Data extracted from a collection:
==============================

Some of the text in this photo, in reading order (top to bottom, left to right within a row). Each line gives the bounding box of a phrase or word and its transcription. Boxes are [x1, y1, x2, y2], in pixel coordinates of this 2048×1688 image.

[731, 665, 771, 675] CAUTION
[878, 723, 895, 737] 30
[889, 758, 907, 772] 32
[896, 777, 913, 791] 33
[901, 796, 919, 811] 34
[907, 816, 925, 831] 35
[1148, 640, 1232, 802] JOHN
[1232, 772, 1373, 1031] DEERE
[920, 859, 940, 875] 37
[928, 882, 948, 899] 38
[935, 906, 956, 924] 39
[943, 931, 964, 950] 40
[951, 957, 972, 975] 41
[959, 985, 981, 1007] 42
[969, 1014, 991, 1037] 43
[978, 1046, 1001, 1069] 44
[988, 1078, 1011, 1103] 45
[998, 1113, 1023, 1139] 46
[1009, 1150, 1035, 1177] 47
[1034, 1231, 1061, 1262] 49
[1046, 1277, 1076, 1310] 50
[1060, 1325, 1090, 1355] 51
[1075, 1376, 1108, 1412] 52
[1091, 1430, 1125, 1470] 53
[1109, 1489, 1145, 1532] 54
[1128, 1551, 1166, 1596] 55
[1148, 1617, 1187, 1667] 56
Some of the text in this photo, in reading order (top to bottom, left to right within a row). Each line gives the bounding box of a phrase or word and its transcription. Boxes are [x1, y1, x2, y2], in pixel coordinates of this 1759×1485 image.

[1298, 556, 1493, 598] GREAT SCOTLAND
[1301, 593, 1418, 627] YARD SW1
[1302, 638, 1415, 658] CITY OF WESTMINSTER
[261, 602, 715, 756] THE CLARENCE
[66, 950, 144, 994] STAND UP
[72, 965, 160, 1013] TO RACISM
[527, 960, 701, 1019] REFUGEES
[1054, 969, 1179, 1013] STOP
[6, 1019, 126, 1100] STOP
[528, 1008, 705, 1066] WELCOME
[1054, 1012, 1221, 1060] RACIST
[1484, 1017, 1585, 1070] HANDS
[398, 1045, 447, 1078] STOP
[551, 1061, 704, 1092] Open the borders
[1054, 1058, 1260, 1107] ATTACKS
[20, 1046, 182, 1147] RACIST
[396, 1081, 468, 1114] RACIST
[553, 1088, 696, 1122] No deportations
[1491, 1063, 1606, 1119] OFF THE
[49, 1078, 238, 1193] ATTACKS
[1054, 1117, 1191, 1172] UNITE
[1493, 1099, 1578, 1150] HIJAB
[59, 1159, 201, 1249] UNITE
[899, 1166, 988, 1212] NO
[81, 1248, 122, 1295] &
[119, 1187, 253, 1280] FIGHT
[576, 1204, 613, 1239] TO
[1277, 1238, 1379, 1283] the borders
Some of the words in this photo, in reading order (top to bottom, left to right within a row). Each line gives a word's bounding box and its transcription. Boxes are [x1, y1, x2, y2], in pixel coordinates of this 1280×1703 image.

==============================

• _What needs to be done_
Could you reproduce all of the entries exactly as they appear?

• _Finished task_
Some of the text in this photo, in reading order (top to bottom, left to right within a row). Each line gives the bounding box of a phrase or word and its transcription. Boxes are [x1, y1, x2, y2], in pixel coordinates of this 2048×1688 image.

[731, 665, 771, 675] CAUTION
[878, 723, 895, 737] 30
[889, 758, 907, 772] 32
[896, 777, 913, 791] 33
[901, 796, 919, 811] 34
[907, 816, 925, 831] 35
[1148, 640, 1232, 802] JOHN
[1232, 772, 1373, 1031] DEERE
[920, 859, 940, 875] 37
[928, 882, 948, 899] 38
[935, 906, 956, 924] 39
[943, 931, 964, 950] 40
[951, 957, 972, 975] 41
[959, 985, 981, 1007] 42
[969, 1014, 991, 1037] 43
[978, 1046, 1001, 1069] 44
[988, 1078, 1011, 1103] 45
[998, 1113, 1023, 1139] 46
[1009, 1150, 1035, 1177] 47
[1034, 1231, 1061, 1262] 49
[1046, 1277, 1076, 1310] 50
[1060, 1325, 1090, 1355] 51
[1075, 1376, 1108, 1412] 52
[1091, 1430, 1125, 1470] 53
[1109, 1489, 1145, 1532] 54
[1128, 1551, 1166, 1596] 55
[1148, 1617, 1187, 1667] 56
Some of the text in this photo, in reading order (top to bottom, left to right within a row). Each line gives the bounding box of a phrase or word and its transcription. Boxes are [x1, y1, x2, y2], in pixel coordinates of this 1759×1485 image.

[1298, 556, 1493, 598] GREAT SCOTLAND
[1301, 593, 1418, 627] YARD SW1
[1302, 638, 1415, 658] CITY OF WESTMINSTER
[261, 602, 715, 756] THE CLARENCE
[66, 950, 144, 994] STAND UP
[72, 965, 160, 1013] TO RACISM
[527, 960, 701, 1019] REFUGEES
[1054, 969, 1179, 1013] STOP
[6, 1019, 126, 1100] STOP
[528, 1008, 705, 1066] WELCOME
[1054, 1012, 1221, 1060] RACIST
[1484, 1017, 1585, 1070] HANDS
[398, 1045, 447, 1078] STOP
[551, 1061, 704, 1092] Open the borders
[1054, 1058, 1260, 1107] ATTACKS
[20, 1046, 182, 1147] RACIST
[396, 1081, 468, 1114] RACIST
[553, 1088, 696, 1122] No deportations
[1491, 1063, 1606, 1119] OFF THE
[49, 1078, 238, 1193] ATTACKS
[1054, 1117, 1191, 1172] UNITE
[1493, 1099, 1578, 1150] HIJAB
[59, 1159, 201, 1249] UNITE
[899, 1166, 988, 1212] NO
[81, 1248, 122, 1295] &
[119, 1187, 253, 1280] FIGHT
[576, 1204, 613, 1239] TO
[1277, 1238, 1379, 1283] the borders
Some of the words in this photo, in reading order (top to bottom, left to right within a row). Each line gives a word's bounding box and its transcription. Boxes are [x1, y1, x2, y2], in pixel coordinates of this 1280×1703 image.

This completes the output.